Voici les grandes lignes, sans entrer dans le détail de tous les phénomènes observables.

La phase d’excitation, courbe ascendante que vous voyez ci-dessus, est déclenchée par le désir. Elle se caractérise par un certain nombre de phénomènes (différents chez l’homme et la femme) : érection, lubrification pour n’en citer que quelques uns. Cette excitation implique une stimulation, psychogène (visuelle, auditive, olfactive ou intrapsychique), ou stimulation directe des zones érogènes (organes génitaux bien sur mais aussi toute zone du corps provoquant une excitation)
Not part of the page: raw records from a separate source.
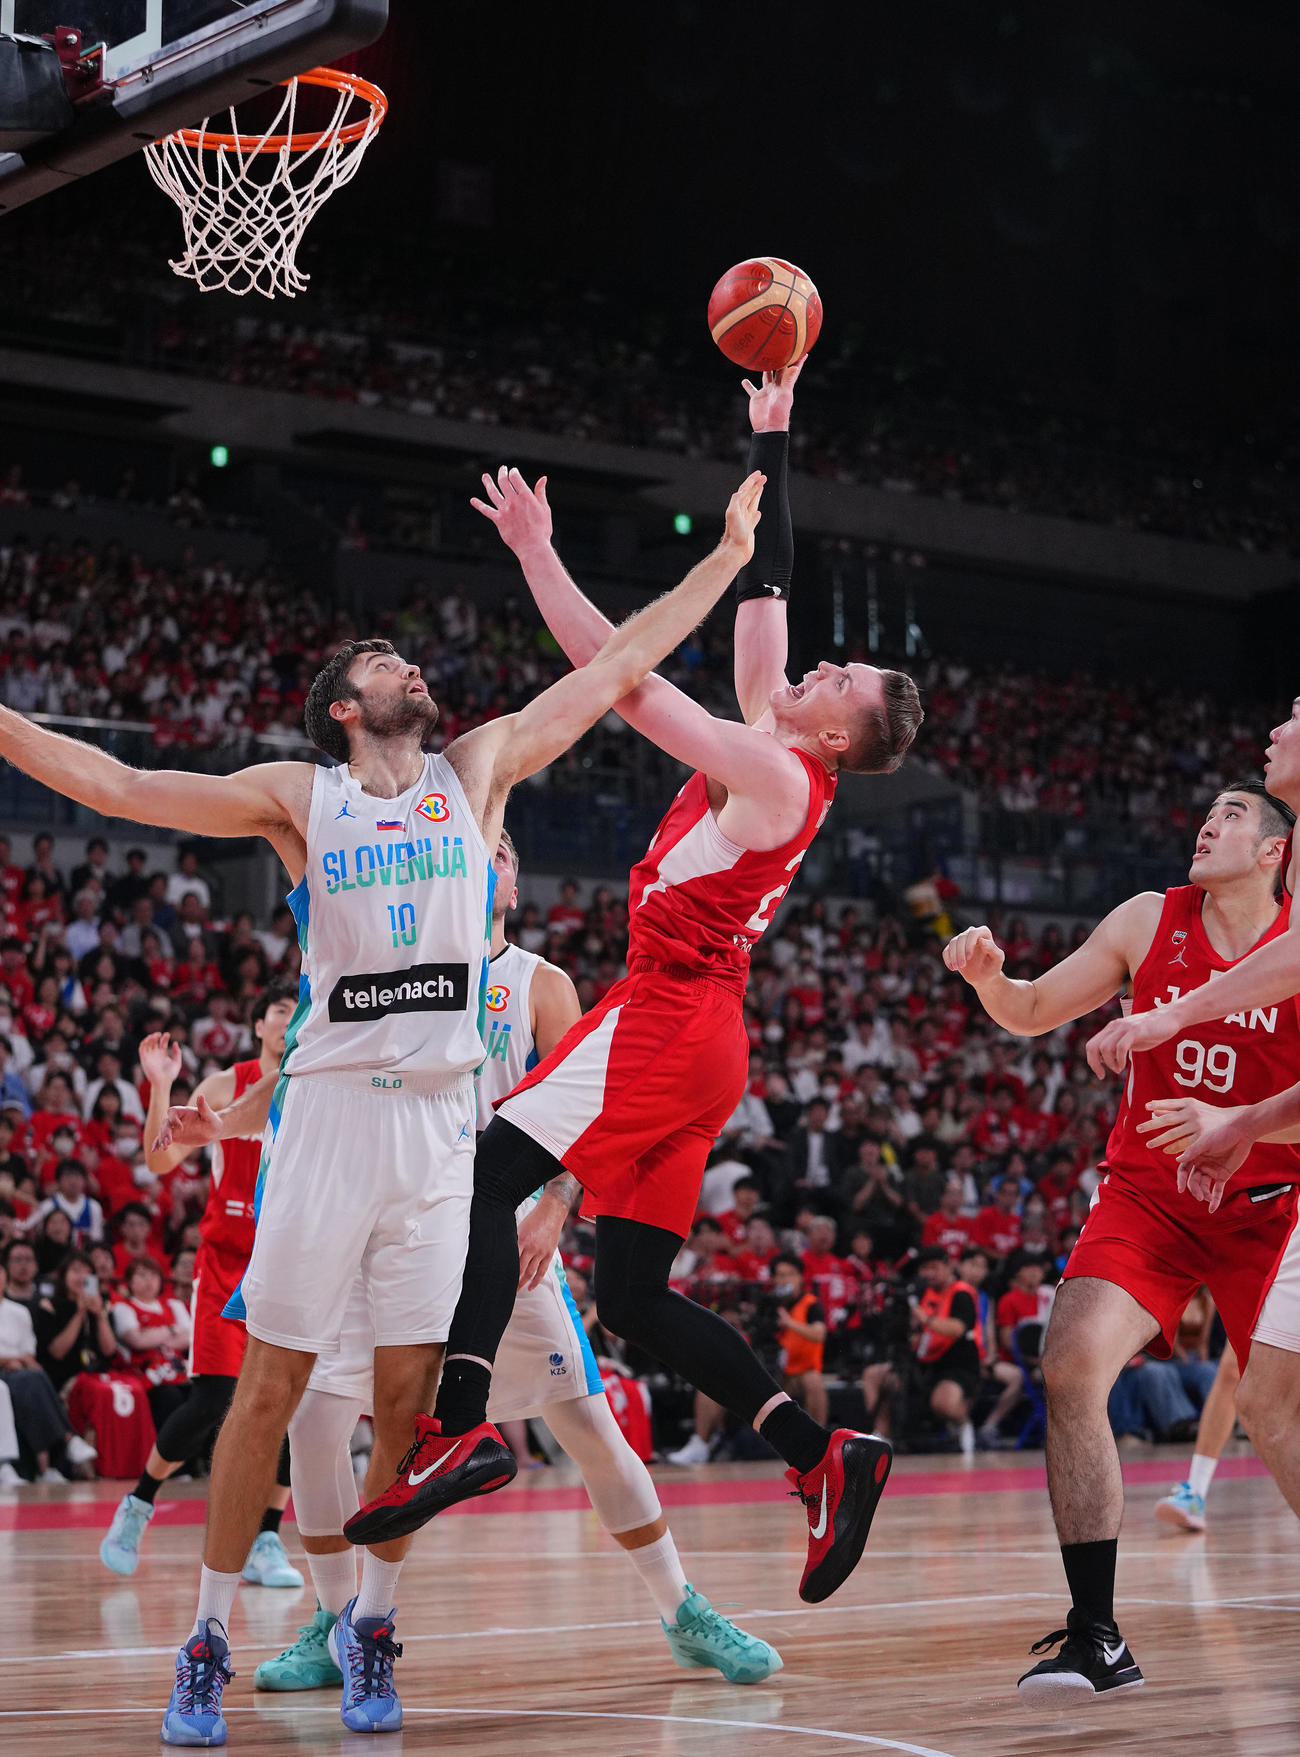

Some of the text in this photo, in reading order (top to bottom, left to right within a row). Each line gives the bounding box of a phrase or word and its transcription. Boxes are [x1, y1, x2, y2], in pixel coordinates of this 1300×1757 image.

[322, 836, 468, 895] SLOVENIJA
[387, 903, 417, 948] 10
[343, 975, 454, 1009] telemach
[1153, 985, 1279, 1034] JAN
[371, 1077, 402, 1089] SLO
[1173, 1039, 1237, 1094] 99
[550, 1366, 567, 1376] KZS
Vient ensuite la phase de plateau qui a une « durée variable », impliquant le maintient de l’excitation. On constate là aussi un ensemble de phénomènes. Cette phase de plateau peut être longue chez la femme et parfois se maintenir au delà de l’orgasme d’où la possibilité d’orgasmes multiples. Chez l’homme, cette phase correspond à l’érection permettant la pénétration.

Vient ensuite (si tout va bien, dans le cycle « classique »), le « réflexe orgasmique » résultante de la stimulation des zones érogènes dîtes primaires à savoir le clitoris, le vagin, le gland du pénis. Notez qu’en parlant de réflexe, on considère qu’il n’y a pas de contrôle à ce niveau d’excitation.
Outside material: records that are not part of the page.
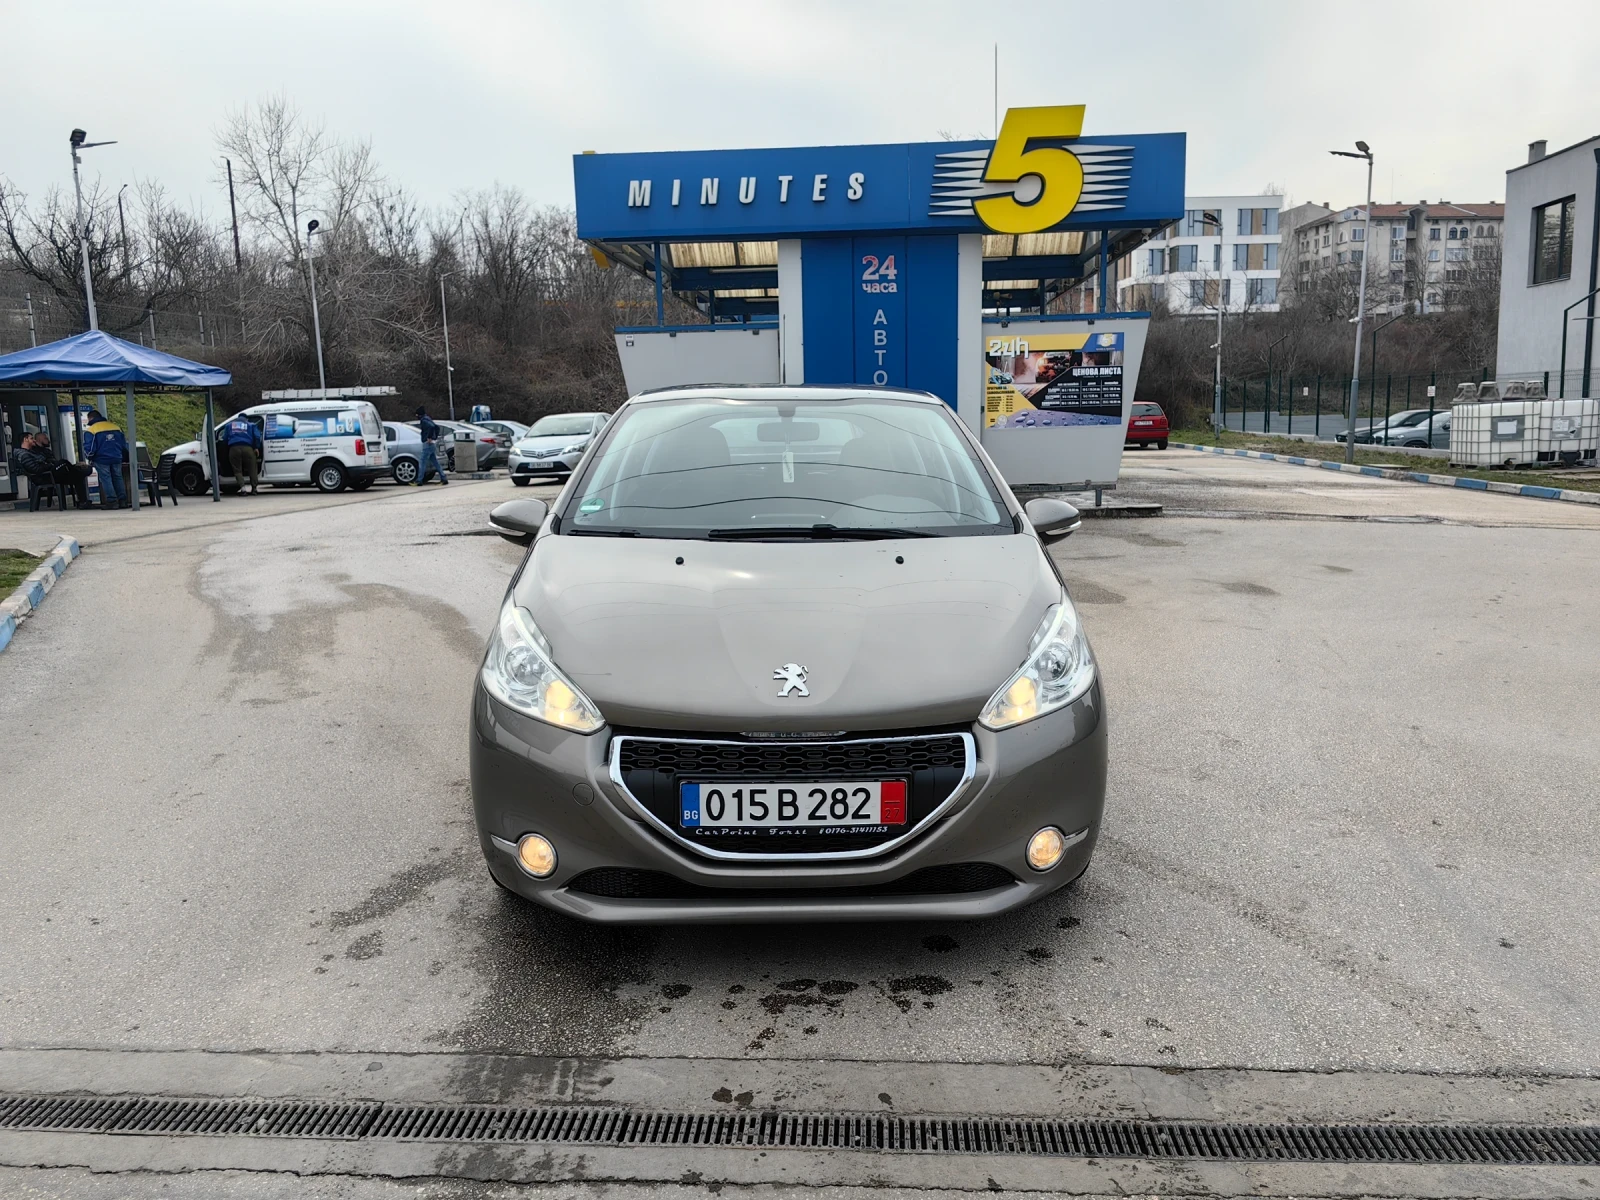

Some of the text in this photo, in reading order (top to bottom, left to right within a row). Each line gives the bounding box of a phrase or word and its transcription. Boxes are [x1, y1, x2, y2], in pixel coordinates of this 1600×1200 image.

[973, 104, 1086, 235] 5
[627, 172, 866, 208] MINUTES
[862, 255, 897, 280] 24
[862, 282, 897, 293] часа
[873, 309, 888, 386] АВТО
[989, 337, 1029, 359] 24h
[1072, 366, 1122, 377] ЦЕНОВА ЛИСТА
[684, 810, 698, 821] BG
Comme vous le savez, un certain nombre de points restent discutés en matière d’orgasme, en particulier féminin.

L’orgasme se manifeste également par un ensemble de phénomènes physiques (contractions, accélération du rythme cardiaque, sans oublier la sensation de plaisir et bien-être.)

Vient enfin la phase de résolution, ou détumescence qui se caractérise par le retour à la normale de tous les phénomènes précédents, avec la phase de latence, ou phase réfractaire, qui constitue une sorte de pause nécessaire avant toute reprise d’excitation. Cette phase est brève et stable pour la femme, tout au long de la vie. Chez l’homme au contraire, cette durée tendra à s’allonger avec l’âge. Ces messieurs auront donc besoin d’un peu plus de temps pour retrouver leur excitation.
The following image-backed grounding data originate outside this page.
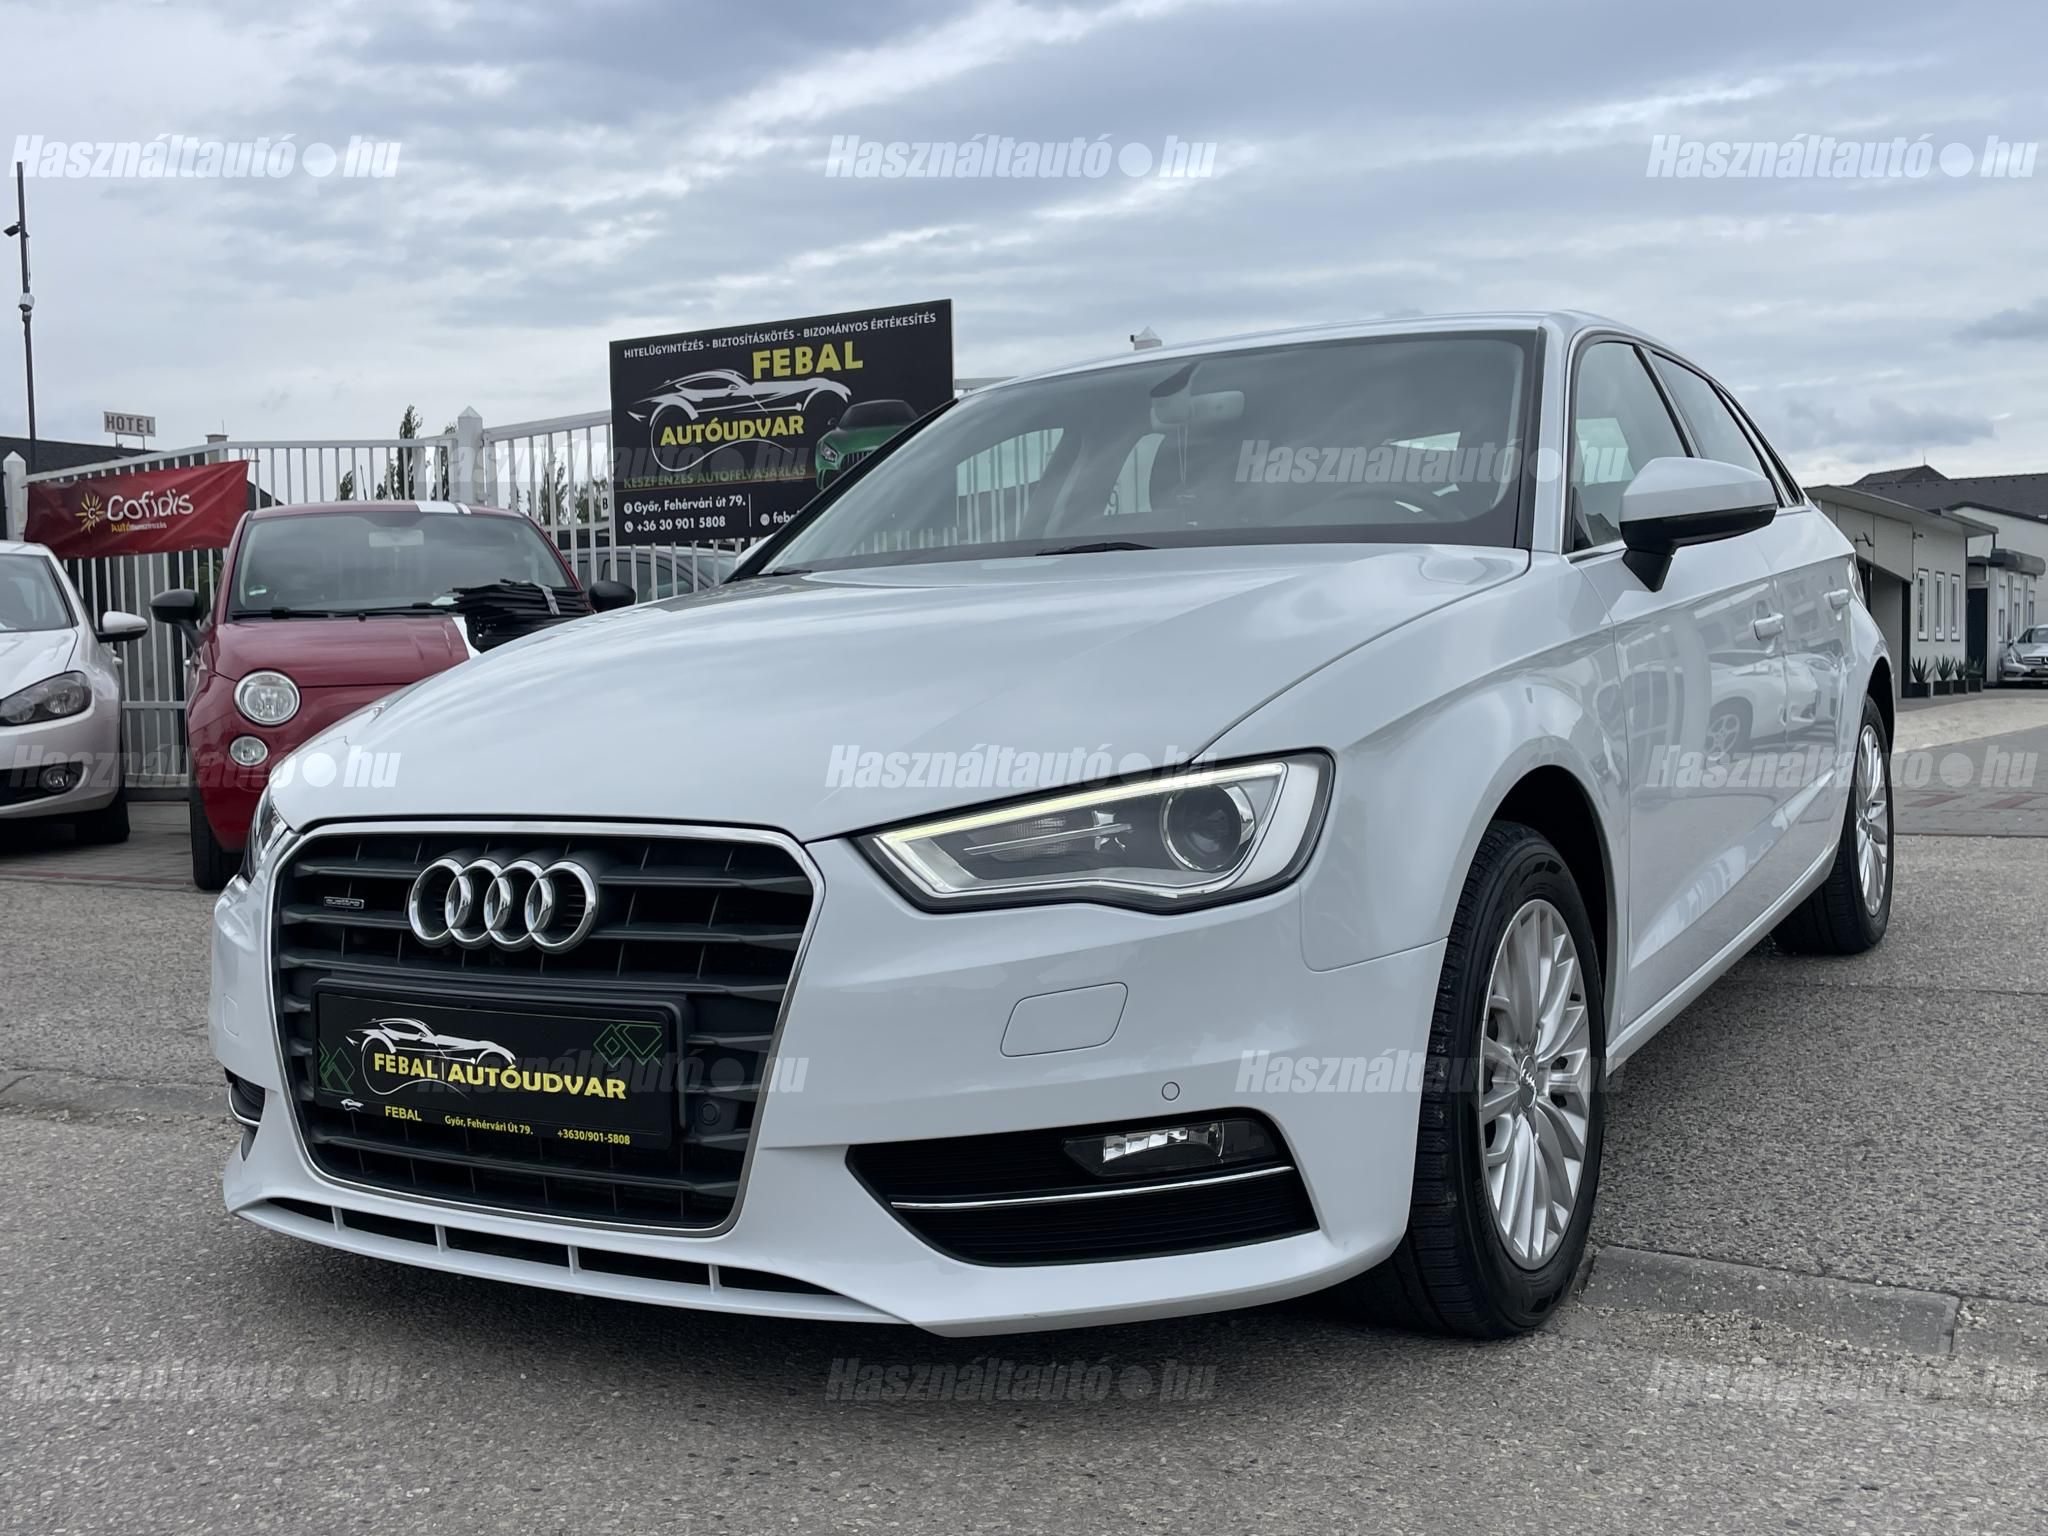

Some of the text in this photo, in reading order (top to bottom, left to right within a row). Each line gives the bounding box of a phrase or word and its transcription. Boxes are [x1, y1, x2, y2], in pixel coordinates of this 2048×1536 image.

[624, 339, 704, 359] HITELÜGYINTÉZÉS
[712, 328, 795, 349] BIZTOSÍTÁSKÖTÉS
[803, 321, 869, 338] BIZOMÁNYOS
[870, 311, 937, 331] ÉRTÉKESÍTÉS
[752, 341, 864, 380] FEBAL
[106, 415, 154, 434] HOTEL
[659, 415, 805, 447] AUTÓUDVAR
[107, 488, 194, 521] Cofidis
[634, 494, 747, 515] Győr, Fehérvári út 79.
[637, 516, 726, 532] +36 30 901 5808
[374, 1052, 627, 1100] FEBAL AUTÓUDVAR
[384, 1105, 422, 1121] FEBAL
[444, 1115, 466, 1128] Győr,
[467, 1117, 507, 1133] Fehérvári
[519, 1124, 534, 1135] 79.
[557, 1128, 631, 1145] +3630/901-5808
Gardez toujours à l’esprit que tout ceci constitue un schéma général, une théorisation qui a permis (et permet encore) de comprendre nos fonctionnements sexuels mais toutes les variantes sont ensuite possibles selon les dispositions physiques et psychologiques de chacun.

L’enfant freine t-il la sexualité du couple ?

Le titre est volontairement provocateur. Mais la question est légitime, même si on ne la pose pas toujours directement, ouvertement …

Comme d’habitude, il ne s’agit pas ici de donner d’avis ferme et définitif, juste quelques éléments de réflexion.

Au tout début bien sur, sexualité rime avec enfant. Si tout va bien, une sexualité (épanouie ou pas d’ailleurs) est censée aboutir à une grossesse avec les limites que l’on connaît. Ce peut être le conte de fées : on fait l’amour, c’est un moment fort, de plaisir, la grossesse est facile, on peut continuer les relations sexuelles, l’enfant naît, tout va bien, on reprend les relations sexuelles assez vite, l’organisation est parfaite, le couple sait ménager ses temps de plaisir … etc.

Si, cela existe ! Mais il y a aussi d’autres vécus …

Si l’enfant ne vient pas malgré un fort désir d’enfant, le couple entre alors dans des démarches de PMA (procréation médicalement assistée), de la plus simple à la plus complexe. (Cela méritera un article à part entière). La sexualité devient souvent difficile dans ce contexte, étant ciblée uniquement sur un objectif de reproduction. Le corps et le psychisme sont mis à l’épreuve.

Concernant la grossesse, je vous renvoie à mon article sur ce thème (sexualité et grossesse).

L’accouchement en lui-même peut être un moment difficilement vécu pour chacun. Tout le monde n’idéalise pas cet instant et l’on sait par exemple que certaines expériences ont fait vaciller le désir ultérieur du compagnon / mari. Les théories sont bien diverses sur ce point : aider à l’accouchement ou rester sagement à la tête du lit pour accueillir l’enfant une fois sorti, voire même rester en dehors de la pièce ? Il est urgent en tous cas de veiller à la sensibilité de chacun. Surtout ne rien imposer !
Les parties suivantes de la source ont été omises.